(WHAT TO WORK ON) Your answer must be an exact copy of the listing, with the images left out.

***** GIVEN ENTRIES *****

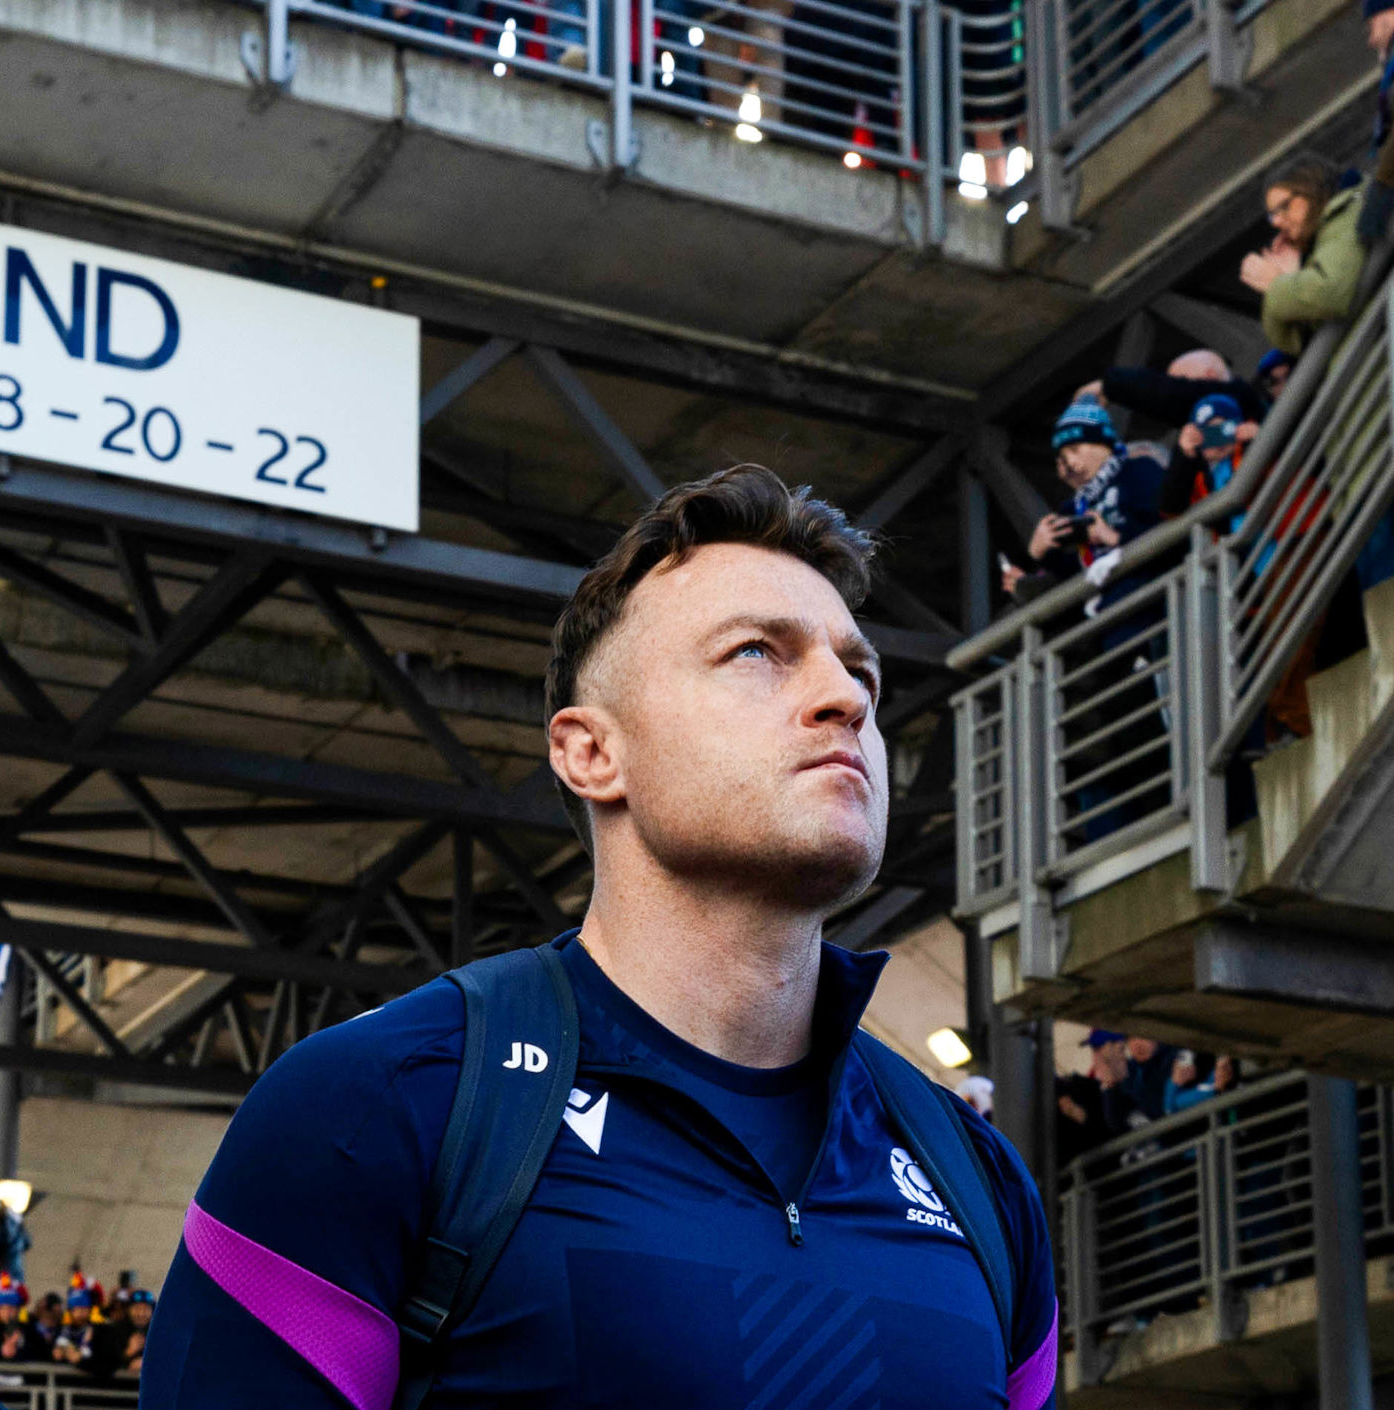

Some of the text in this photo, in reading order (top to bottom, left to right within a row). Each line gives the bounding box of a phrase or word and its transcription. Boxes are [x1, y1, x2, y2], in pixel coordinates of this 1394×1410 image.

[101, 397, 182, 463] 20
[256, 429, 328, 494] 22
[502, 1041, 549, 1073] JD
[906, 1207, 965, 1238] SCOTLA

*****

(TASK RESPONSE)
Some of the text in this photo, in reading order (top to bottom, left to right within a row). Each line gives the bounding box of a phrase or word and its transcription. Boxes are [x1, y1, x2, y2], in pixel coordinates of this 1394×1410 image.

[101, 397, 182, 463] 20
[256, 429, 328, 494] 22
[502, 1041, 549, 1073] JD
[906, 1207, 965, 1238] SCOTLA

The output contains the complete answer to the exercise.